Companion planting refers to growing two or more types of vegetables together in one area or in adjacent areas for the mutual benefit of both crops. Often, one plant serves to repel or control insects. Some plants develop better flavor or show enhanced growth when planted with a companion plant. Native Americans practiced companion planting when they planted potatoes, squash and beans together in hills. Although companion planting can make harvesting difficult for commercial growers, for the home gardener, companion planting can improve production and reduce insect pests.
Plant cucumbers near corn or sunflowers to provide shelter and light shade. Although it is not desirable to create heavy shade, cucumbers benefit from light shade from the afternoon sun.
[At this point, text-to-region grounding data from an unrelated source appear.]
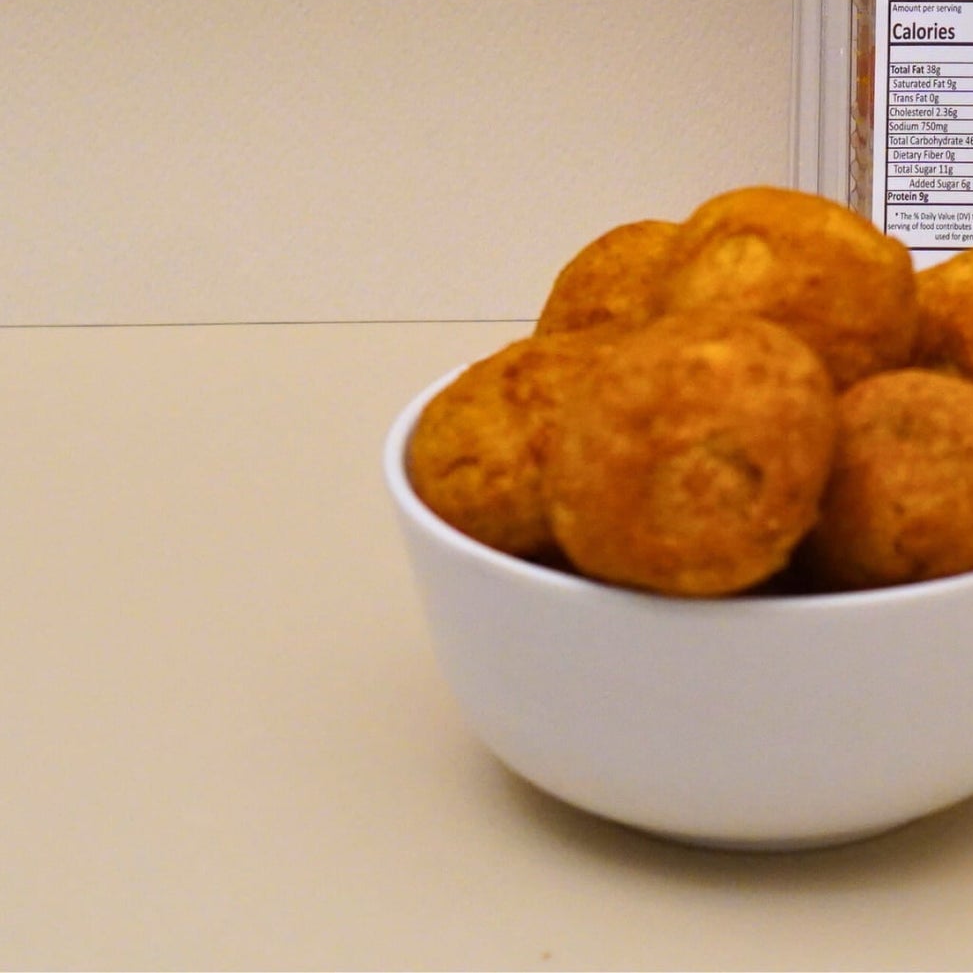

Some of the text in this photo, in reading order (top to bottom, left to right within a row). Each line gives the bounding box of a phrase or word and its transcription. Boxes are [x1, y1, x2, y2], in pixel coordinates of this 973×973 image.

[923, 6, 934, 14] per
[937, 5, 962, 14] serving
[893, 23, 955, 40] Calories
[890, 66, 941, 76] Total Fat 38g
[893, 80, 956, 90] Saturated Fat 9g
[893, 94, 939, 104] Trans Fat 0g
[890, 108, 958, 119] Cholesterol 2.36g
[889, 123, 948, 133] Sodium 750mg
[890, 137, 908, 145] Total
[910, 137, 963, 147] Carbohydrate
[893, 151, 955, 161] Dietary Fiber 0g
[894, 165, 953, 175] Total Sugar 11g
[910, 180, 971, 190] Added Sugar 6g
[888, 193, 929, 203] Protein 9g
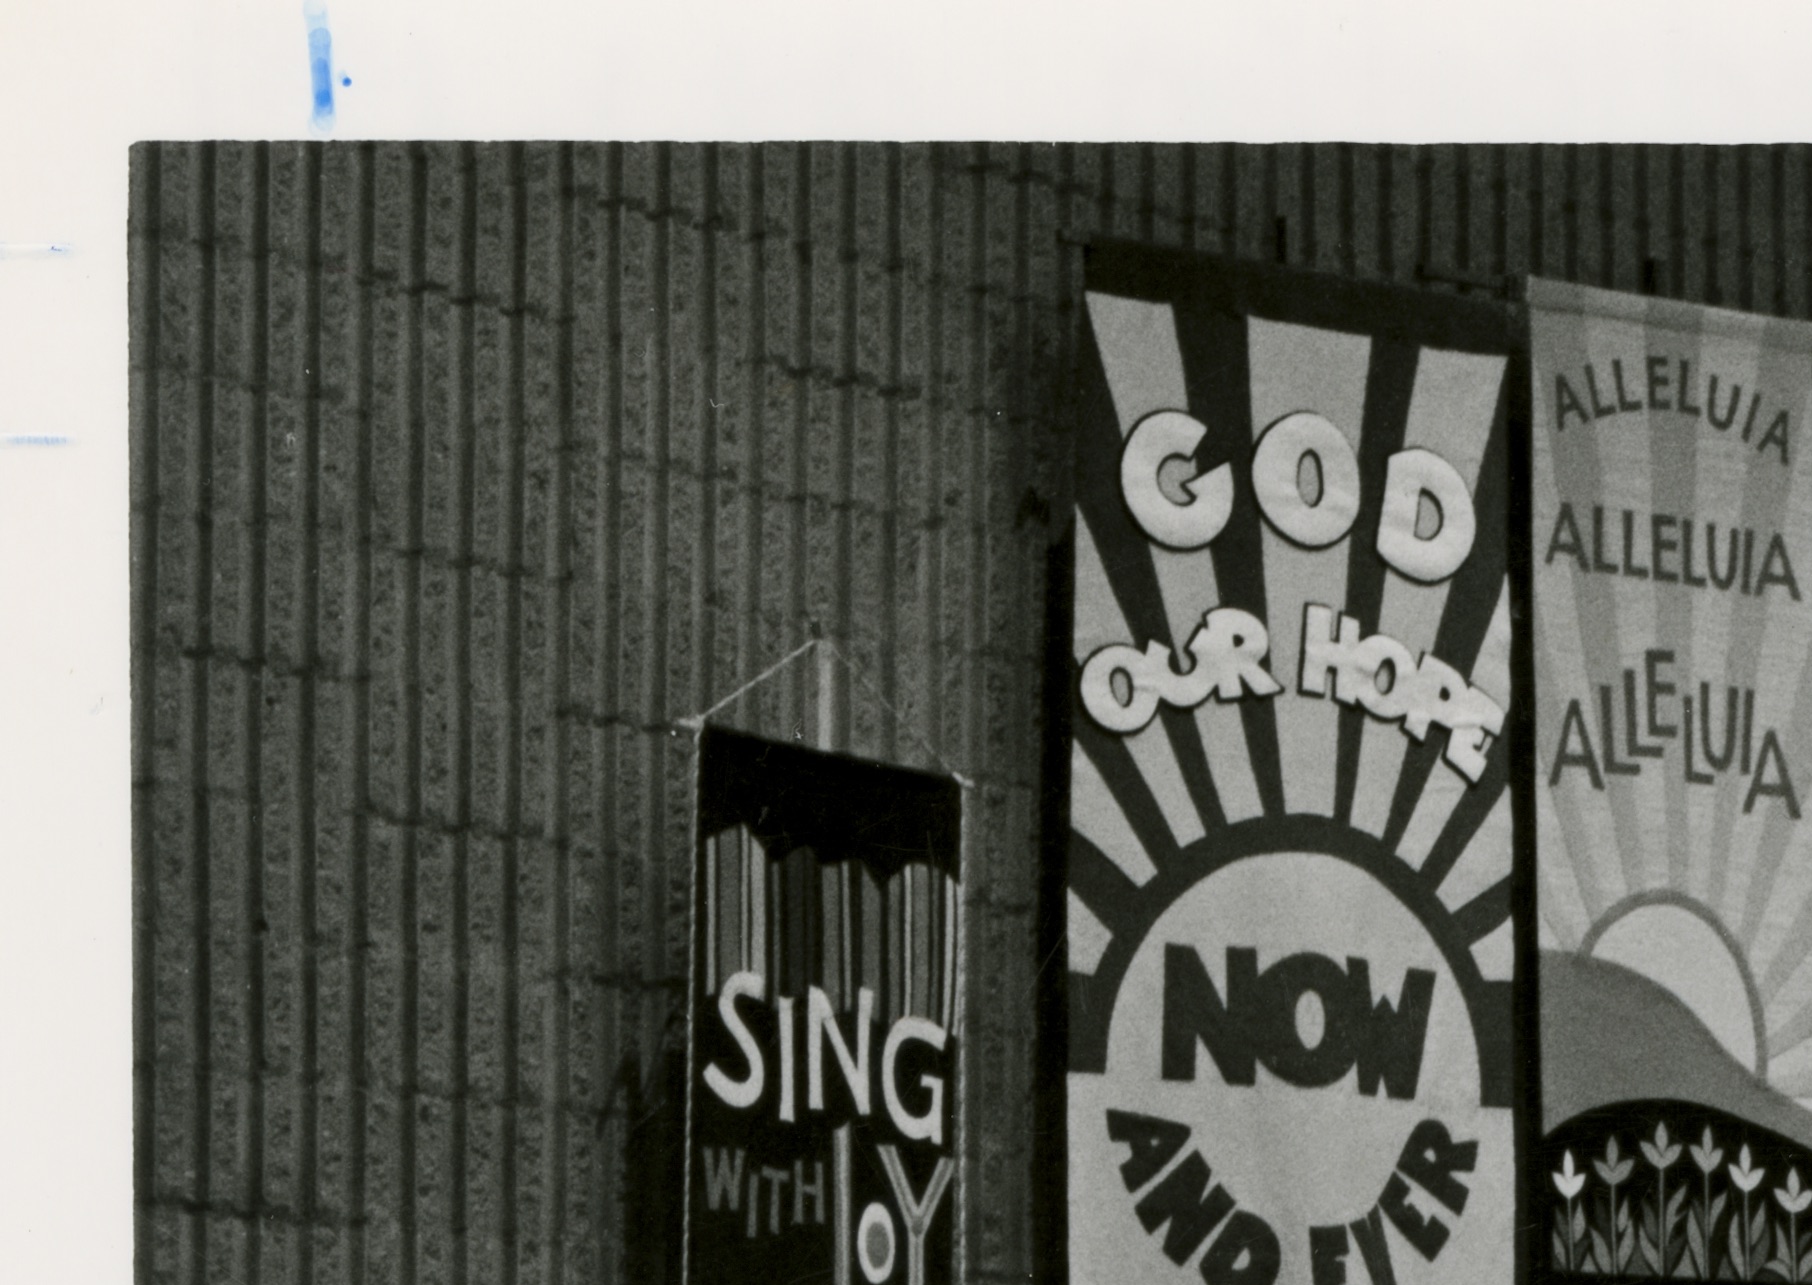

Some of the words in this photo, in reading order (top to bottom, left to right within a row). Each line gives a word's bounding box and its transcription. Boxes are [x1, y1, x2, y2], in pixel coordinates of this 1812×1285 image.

Sow radishes in cucumber beds to repel cucumber beetles. One or two radishes per hill, or every 3 feet in rows of cucumbers, deter cucumber beetles from attacking and destroying foliage. Marigolds also deter cucumber beetles and make an attractive addition to cucumber beds. Plant marigolds at the ends of rows and interspersed throughout the bed.
Grow nasturtiums near cucumbers to deter aphids, beetles and other insect pests. Nasturtiums are reported to also improve flavor and aid in growth. If you are growing cucumbers on a trellis, grow climbing nasturtiums along the trellis. Not only do nasturtiums improve cucumber production, they add a splash of color to your cucumber patch as well.
Plant cabbage, onions, peas or beans near cucumbers, but avoid aromatic herbs or potatoes because cucumber production may be reduced. Some sources recommend tomatoes near cucumbers. Companion planting also depends on the soil and growing conditions in your area. Take note of your results to determine the most effective planting for your area.